29 Oct 2023

29.10.2023 The trials and tribulations of buying firewood logs!

 ~o~

 Sunday 29th 47F/8C. Very dark again even at 8am. A wet and windy morning is promised. Up at 7am after three tours to the bathroom in the night. Four times since I got up an hour ago! I drank my last tin of beer with dinner last night. Case proved I think. No more beer! No coffee in the evening. A small glass of milk seems to be the answer to my need. To drink something after dinner. It may even help me to sleep.

 61F/16C in the living room. It was only 65F/18C at bedtime after I let the stove go out. Bathroom and kitchen hovering just above 55F/13C thanks to the electric radiators. I am dressed warmly to avoid lighting the stove prematurely and using up more firewood unnecessarily.

 Purchase of more firewood is a choice between very doubtful morality at a large timber yard. Going back over two decades. Or oversized mixed logs at a furniture factory. The former pretends to sell dry firewood but chooses not to. Overt racism? 

 The latter will require lots of my splitting with a heavy maul. Plus several stages of manhandling from one place to another at home. I have to split at the back of the house to avoid damaging windows or the greenhouse. Logs fly everywhere while splitting! The last time I asked for beech logs but was given a very mixed load including lots of birch. 

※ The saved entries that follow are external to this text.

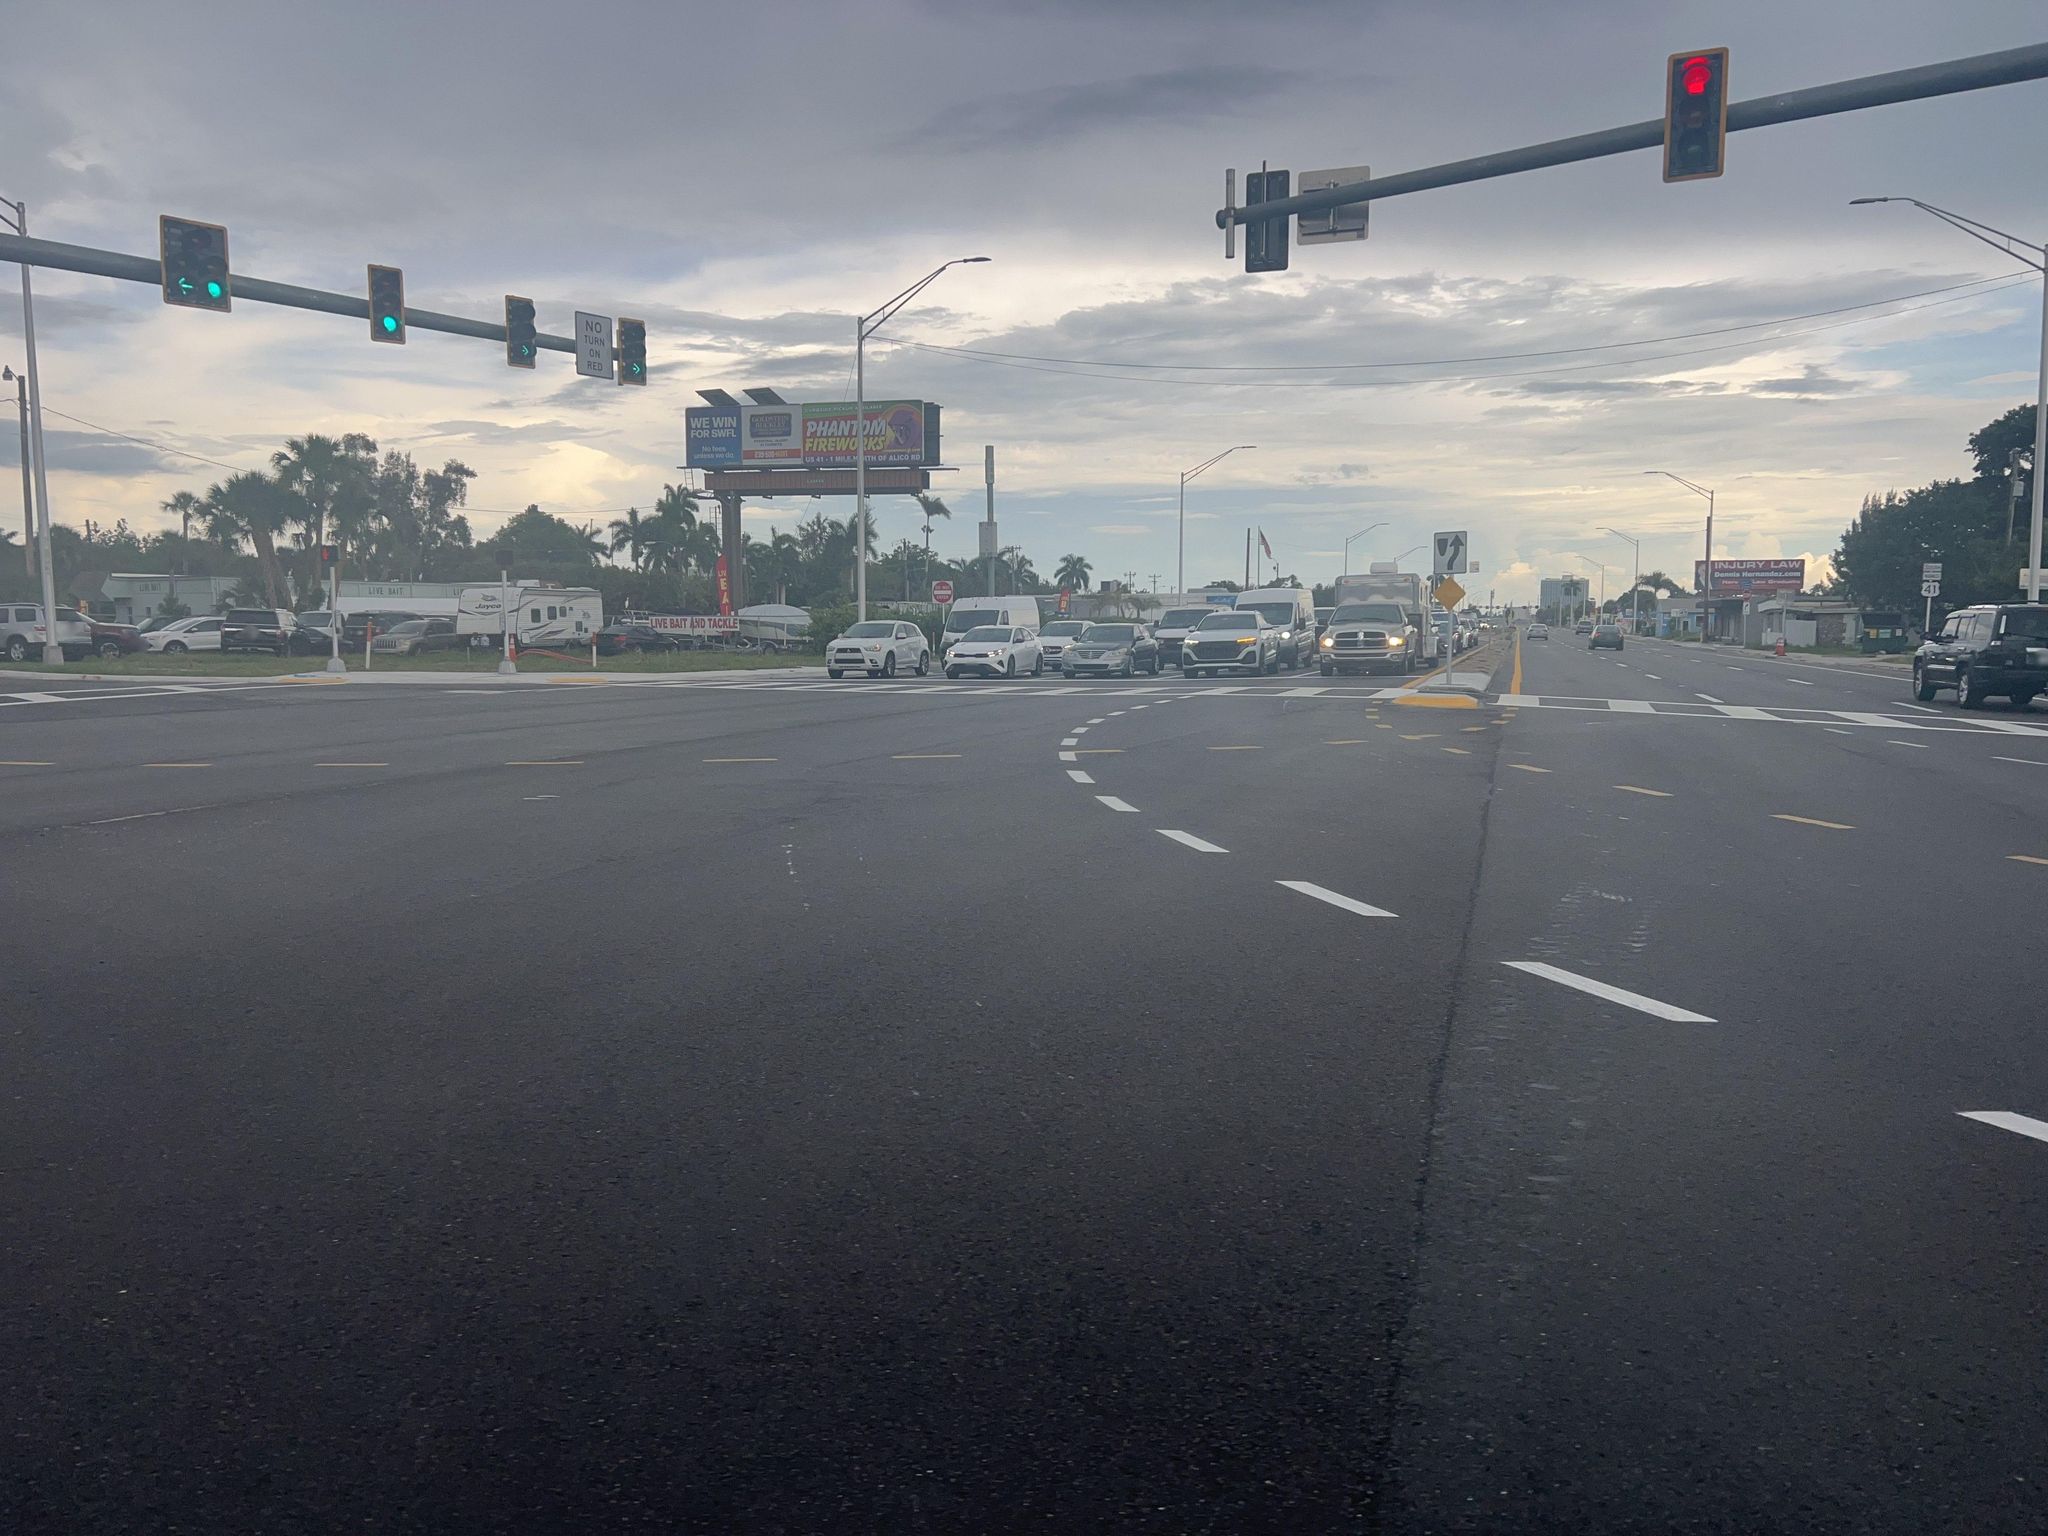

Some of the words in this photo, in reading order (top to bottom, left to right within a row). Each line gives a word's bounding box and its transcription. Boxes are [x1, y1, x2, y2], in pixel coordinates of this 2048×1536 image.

[585, 320, 602, 334] NO
[584, 335, 605, 347] TURN
[589, 348, 601, 359] ON
[587, 361, 603, 371] RED
[690, 418, 710, 429] WE
[712, 416, 737, 428] WIN
[690, 429, 710, 438] FOR
[711, 428, 737, 438] SWFL
[806, 420, 886, 437] PHANTOM
[805, 436, 886, 452] FIREWORKS
[1714, 561, 1765, 569] INJURY
[368, 587, 384, 595] LIVE
[388, 587, 403, 595] BAIT
[1923, 584, 1937, 594] 41
[650, 618, 668, 629] LIVE
[669, 618, 688, 629] BAIT
[690, 618, 706, 629] AND
[707, 618, 738, 629] TACKLE

 Both suppliers use a large front bucket loader and scrape the ground. Completely unnecessarily, as they load my trailer. Resulting in large quantities of wet bark, dust and soil being mixed in with the logs. It's not so much that I resent the trash displacing real firewood. For the considerable sum of money I hand over. 1000kr = £120. The price rose when gas prices went high and people started buying firewood instead. The price never came back down again when gas prices collapsed. The ridiculous excess of dust and bark is a real nuisance when handling the logs. The bottom of the trailer is always several inches deep in completely unusable, rubbish, wood waste.

 I am always polite and friendly with the staff. So they have no reason to treat me any differently than any Dane. Yet from the very first visit to the timber yard the foreman has acted strangely. A younger member of staff was helping us load our trailer manually from the huge stack. Instead of using one of the many large bucket loaders. One scoop and the trailer is full to overflowing. The foreman told him off and sent him to work elsewhere. Leaving us to continue loading the trailer by hand. A splinter prone and time consuming pastime.

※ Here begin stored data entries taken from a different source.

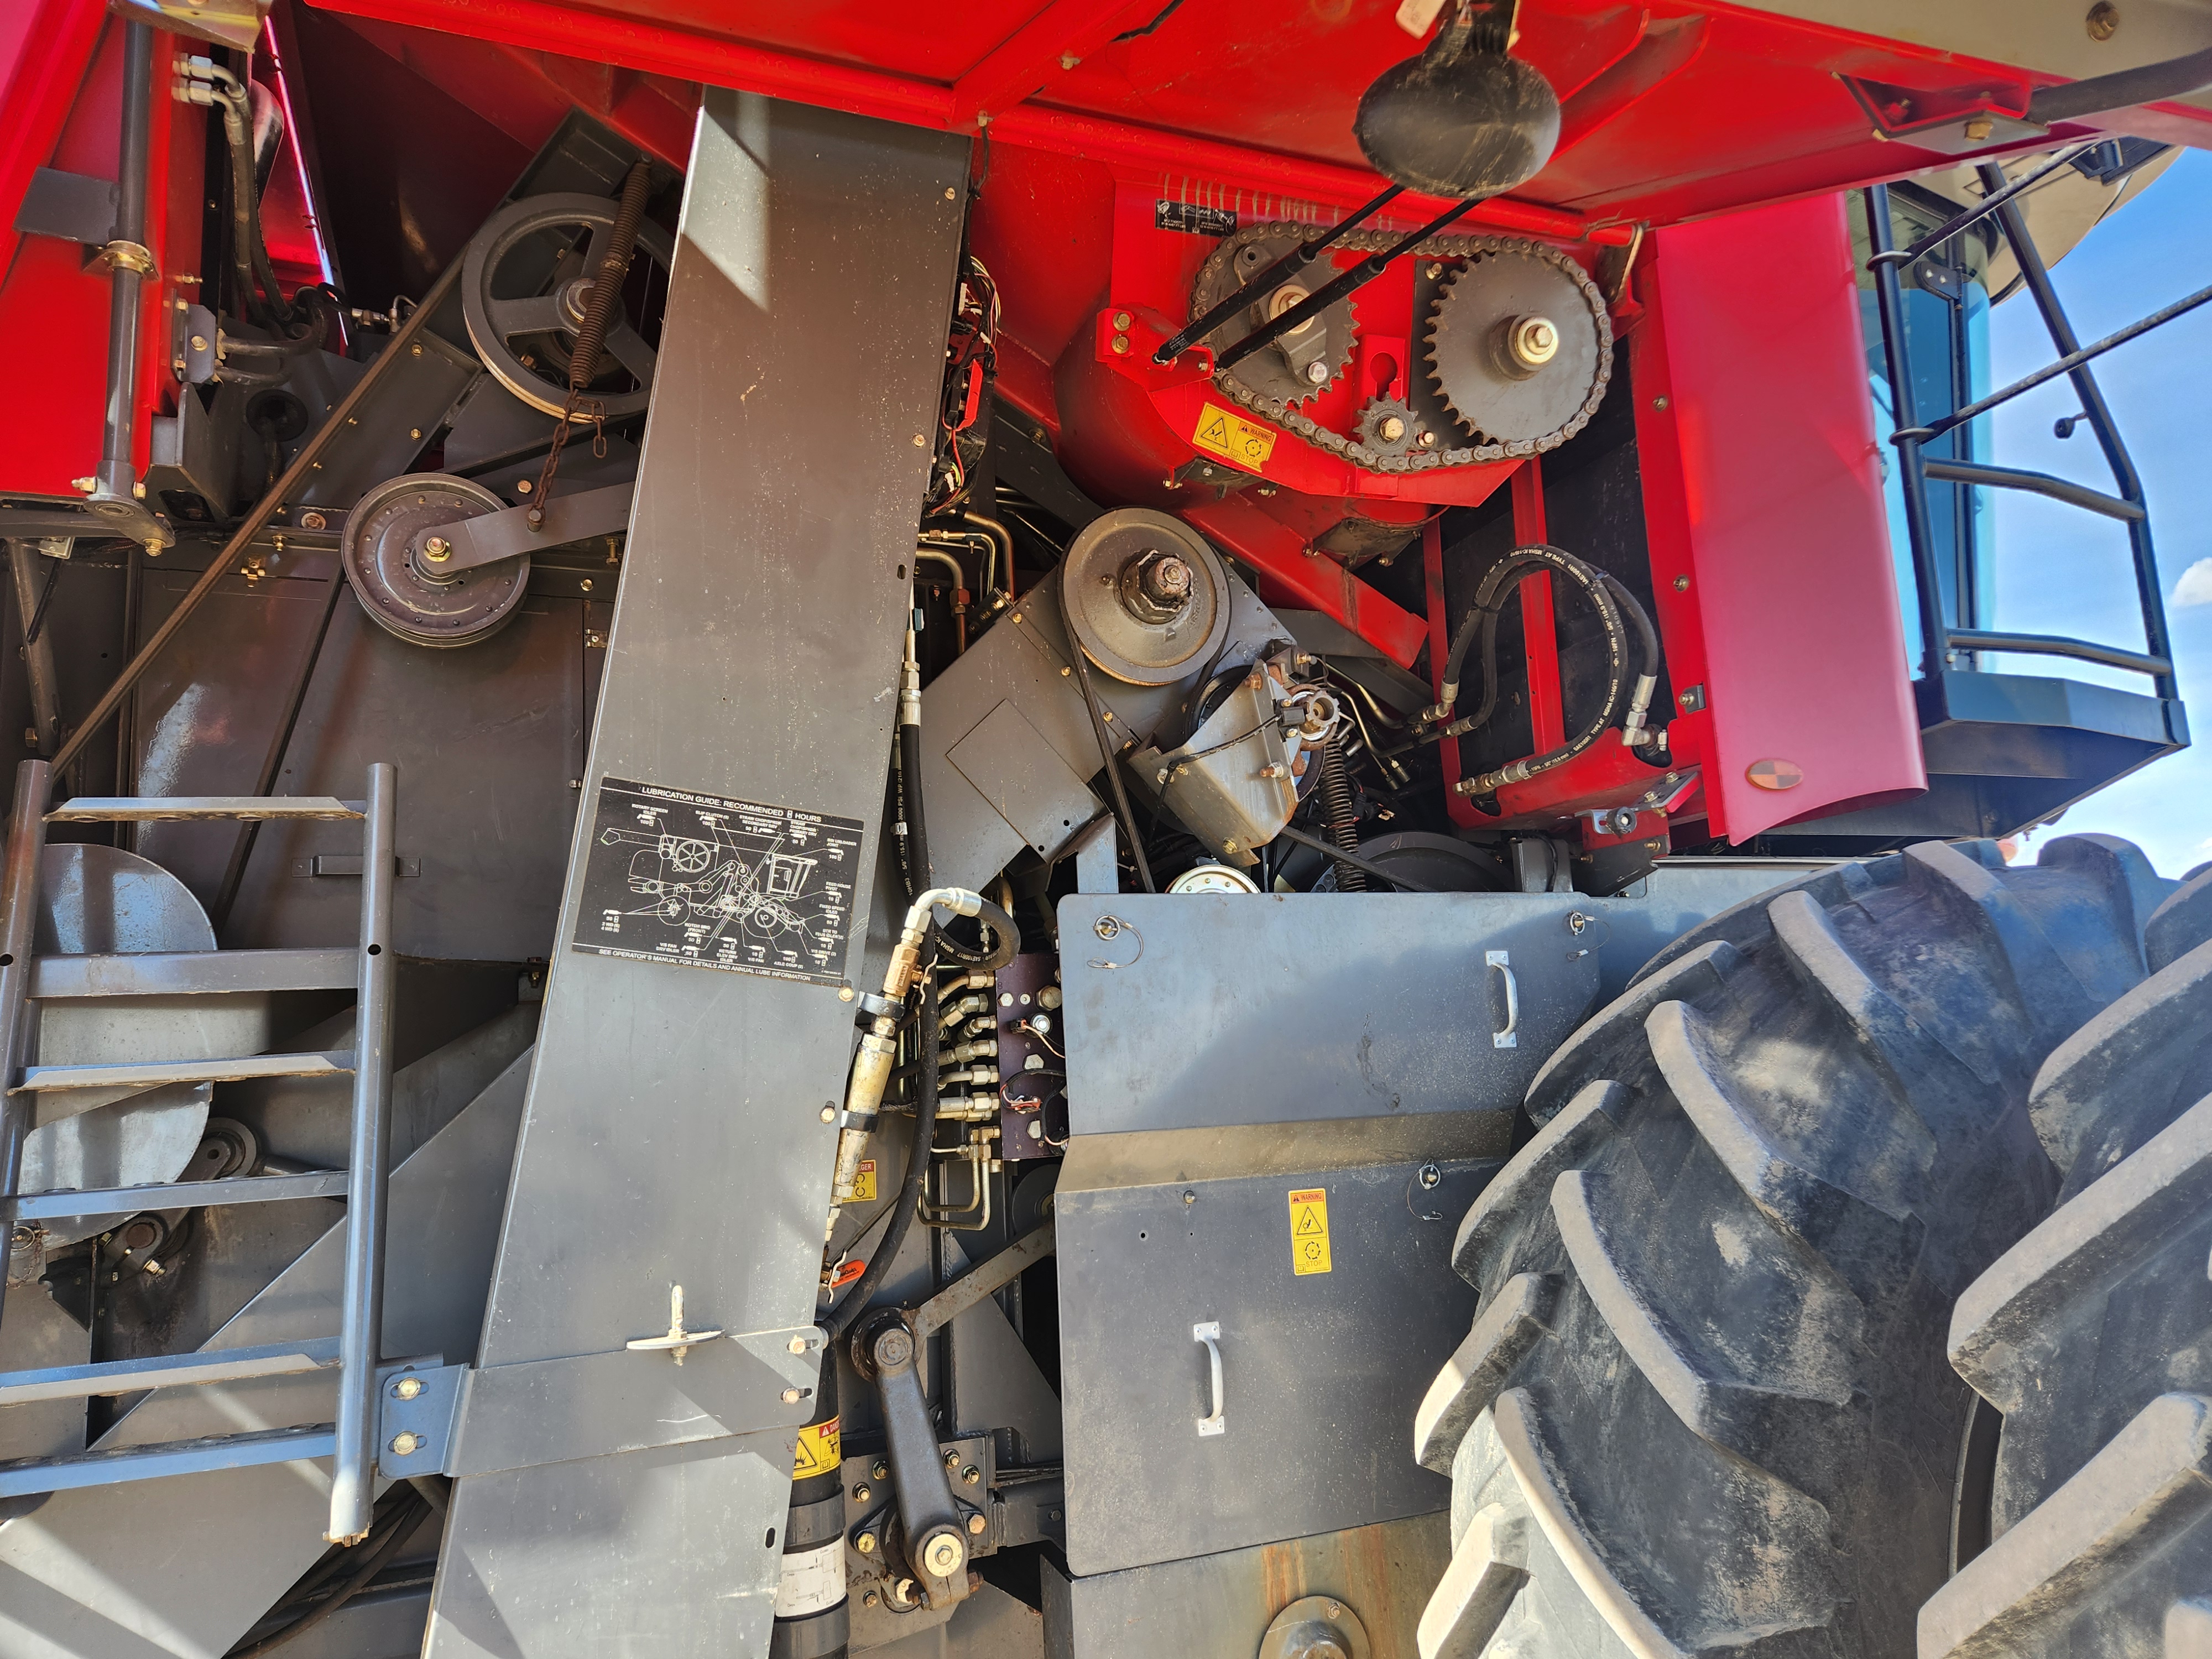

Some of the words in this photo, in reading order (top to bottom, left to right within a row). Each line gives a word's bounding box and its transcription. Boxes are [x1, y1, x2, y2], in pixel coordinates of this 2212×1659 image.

[1250, 427, 1271, 442] WARNING
[1241, 454, 1258, 465] STOP
[1552, 554, 1565, 565] TYPE
[1591, 722, 1601, 735] TYPE
[1599, 717, 1605, 726] AT
[1603, 702, 1613, 716] MSHA
[897, 784, 903, 794] WP
[641, 786, 693, 801] LUBRICATION
[695, 795, 722, 806] GUIDE:
[723, 800, 784, 816] RECOMMENDED
[795, 812, 821, 822] HOURS
[940, 941, 955, 953] MSHA
[957, 952, 981, 962] SAE100R17
[612, 950, 651, 961] OPERATOR'S
[692, 961, 717, 969] DETAILS
[771, 971, 811, 981] INFORMATION

 8.50. Still depressingly dark. I am going for a walk to ease my aching back.

 9.30 Returned from my walk. My lower back pain was reluctant to ease. The Gore-Tex jacket quickly darkened all over in the wind driven rain. The roads were plastered with fallen leaves and countless windfall apples. The wind was roaring so loudly in the roadside trees. That I kept looking for the vehicles supposedly racing towards me from behind. The pond on the back field continues to grow. More bright puddles are scattered widely. Still nothing visible near my boundary.

 I checked my fleece jacket carefully after I came home. I had worn it under the Gore-Tex jacket as a test. Only one slightly damp forearm suggests a leak or rainwater soaking through the membrane. I felt very comfortable throughout. Except for my unprotected and now damp fleece trousers.

 My friend is visiting later this morning. Luckily the clocks have gone back. So I have an extra hour for spring cleaning. [Like a Dervish!] 

 10.30 52F/11C. Overcast and blowing. It has rained on an off all morning. I have the living room up to 67F/19C! Whew! 😅

 13.10 69F/21C! My friend has left after an enjoyable natter. Time for lunch. A few glimpses of sunshine. It has stopped raining at last.   

 Dinner was mackerel on toast with fresh, cherry tomatoes.